Regular Expressions, grouping, submatching (sub-mode), non-capturing sub-matching (sub-mode), and regular expression capturing

Source: Internet
Author: User

Regular Expressions, grouping, submatching (sub-mode), non-capturing sub-matching (sub-mode), and regular expression capturing

We know that the regular expression has a lot of characters to indicate the number of matches (quantifiers), which can be used to repeat the number of times of a single character. Sometimes, we may need to match the number of times multiple characters appear together. At this time, we need to group. It is to enclose these characters in parentheses, which refer to the subexpression (also called grouping ). Then you can specify the number of times the subexpression repeats. You can also perform other operations on the subexpression. At this time, we can regard a group of characters in parentheses as a whole.

Group mode example

For example, search for strings that contain multiple consecutive win strings. You can do this.

<?php $str = "this is win winwindows!";preg_match_all("/(win)+/",$str,$marr);var_dump($marr);

It does not need grouping mode. Can it match multiple characters at the same time? We found that the previous operating Symbol: [win] +, although it can match the winwin character, because it represents one or more characters in the combination of w, I, and n, without limiting the order. As you can see, it will match like wwin, www, inw, etc. As long as it is composed of these three characters, multiple characters are matched successfully.

How can we find two results for each one? This is the sub-mode (sub-match). By default, in addition to combining multiple characters into one whole, this part of the expressions enclosed by parentheses will also be stored in a temporary buffer, so that the subsequent regular expression is called. In the above example, we do not need to call it later. Therefore, how can we block this subexpression from capturing content? You only need to add "? . Let's take a look at the following example of a regular expression grouping non-capture mode.

What are the advantages of the non-capture mode? From the above, we can reduce the number of captures and the number of matching times. Therefore, it is not necessary to add a non-capture prefix to the grouping expression "? : ", Which can save memory overhead and increase matching speed!

When we just talked about regular expression grouping, the content captured by the subexpression is stored in a cache by default. For subsequent calls. What is the situation? In fact, this is a reference to a regular expression. Each captured sub-match is stored sequentially from left to right in the regular expression mode. The buffer number that stores the sub-match starts from 1 and can be generally stored as 9. So that the following expression references this value, also known as backward reference.

Let's take a look at the following example to find a string that is not adjacent to each other and appears multiple times the system word: add.
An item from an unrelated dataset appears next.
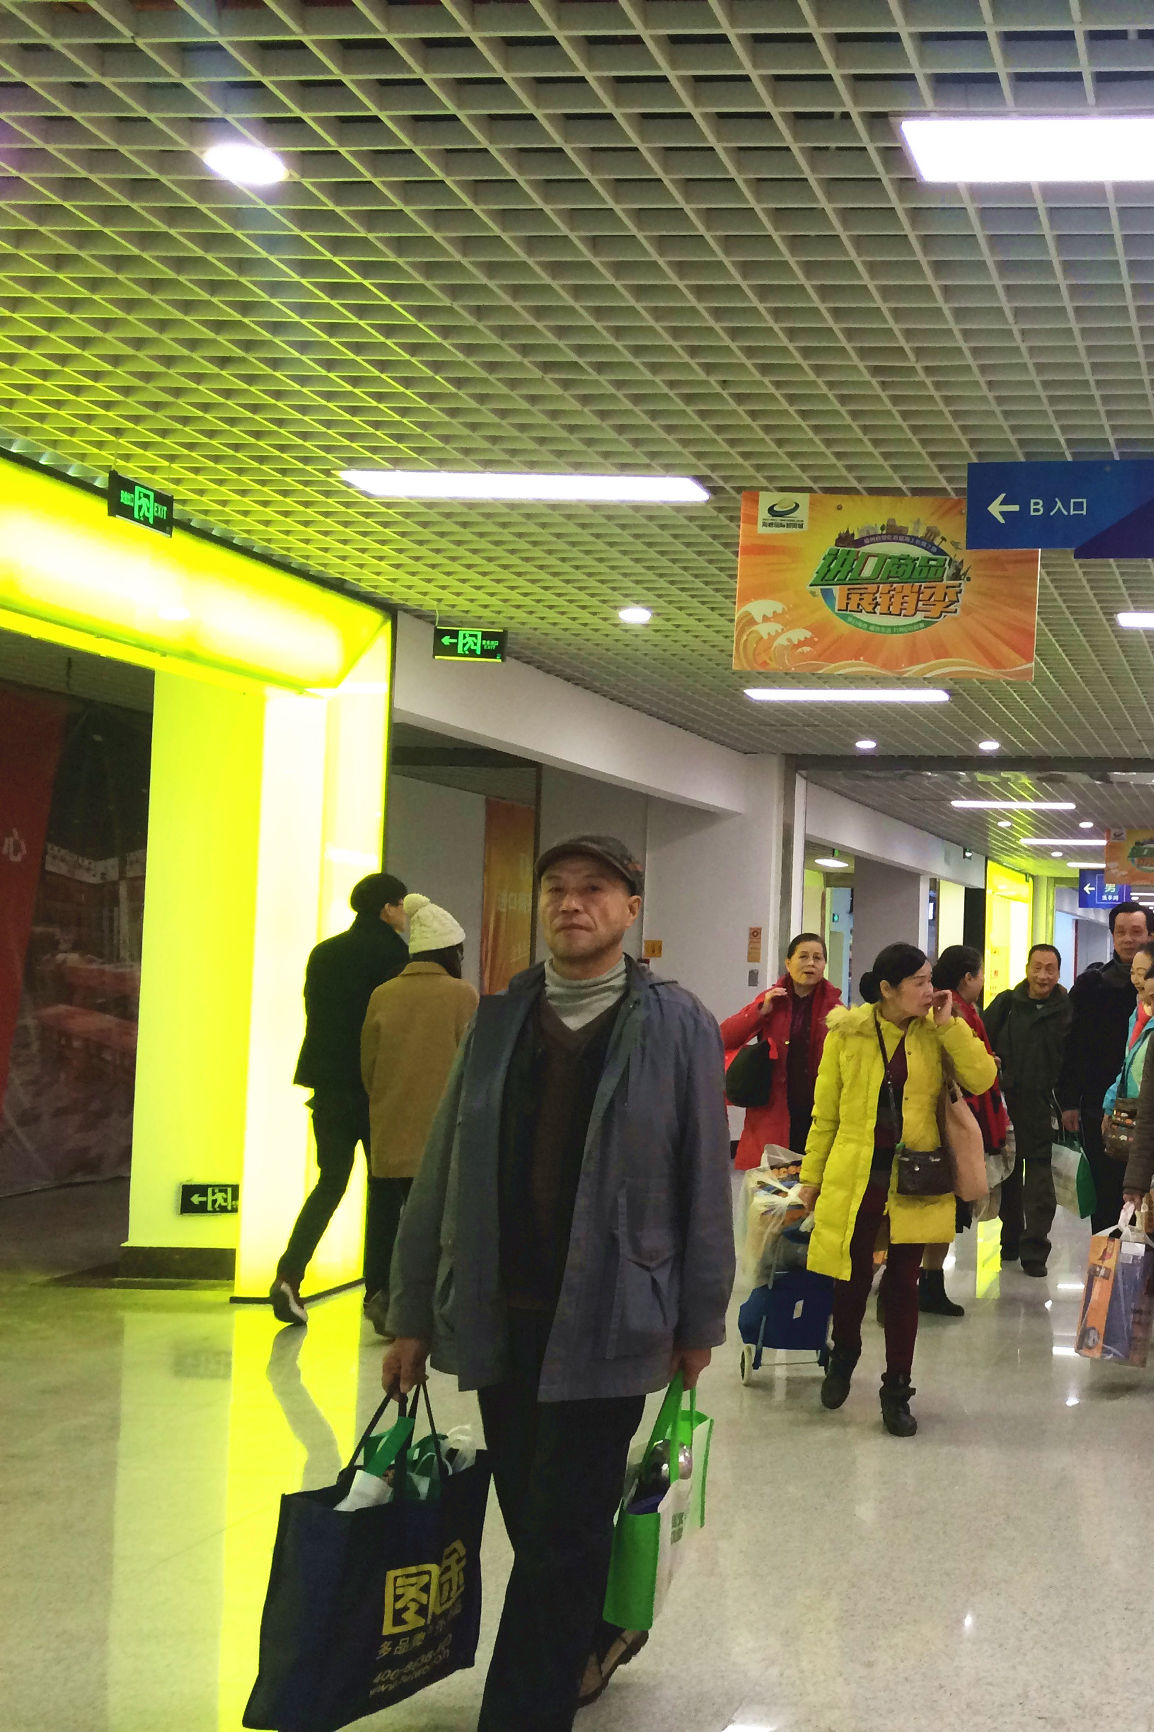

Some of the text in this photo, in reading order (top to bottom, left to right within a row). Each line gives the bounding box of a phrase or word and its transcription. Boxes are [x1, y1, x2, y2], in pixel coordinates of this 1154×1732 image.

<?php$str = "add123456addasdf"; preg_match_all('/(add)\d+\1/',$str,$marr); var_dump($marr);

Reverse references are often used to handle some special matching situations. For example, search for strings that are not adjacent to duplicate strings. Search for html content in a pair of tags. Special Analysis of html is very common (Note: if reverse reference is used, the submatching capture cannot be blocked before, that is, it cannot be added "? : "Prefix ). It is often used:

<? Php $ str = file_get_contents ('HTTP: // blog.chacuo.net/'); preg_match_all ('/<(\ S +) [^>] *> [^ <] * <\/\ 1>/', $ str, $ marr); var_dump ($ marr); // (\ S +) indicates all characters other than non-display characters, generally, the name of an html tag is in the format of <other tag attributes> followed by [^>] *. All other attributes in the tag are matched. // [^ <] * Indicates <tag ...> the intermediate content </tag> indicates the intermediate content and ends with "<, therefore, match all the [^ <] * characters // The Last <\/\ 1> "\/" escape "/" characters, "\ 1" indicates (\ S +) before the reverse application)

The above are the important regular expressions used. grouping, reverse matching, and non-capturing grouping instructions and instances. I hope this will be helpful to my friends who want to change the attributes. At the same time, welcome to exchange!

Contact Us

The content source of this page is from Internet, which doesn't represent Alibaba Cloud's opinion; products and services mentioned on that page don't have any relationship with Alibaba Cloud. If the content of the page makes you feel confusing, please write us an email, we will handle the problem within 5 days after receiving your email.

If you find any instances of plagiarism from the community, please send an email to: info-contact@alibabacloud.com and provide relevant evidence. A staff member will contact you within 5 working days.

A Free Trial That Lets You Build Big!

Start building with 50+ products and up to 12 months usage for Elastic Compute Service

  • Sales Support

    1 on 1 presale consultation

  • After-Sales Support

    24/7 Technical Support 6 Free Tickets per Quarter Faster Response

  • Alibaba Cloud offers highly flexible support services tailored to meet your exact needs.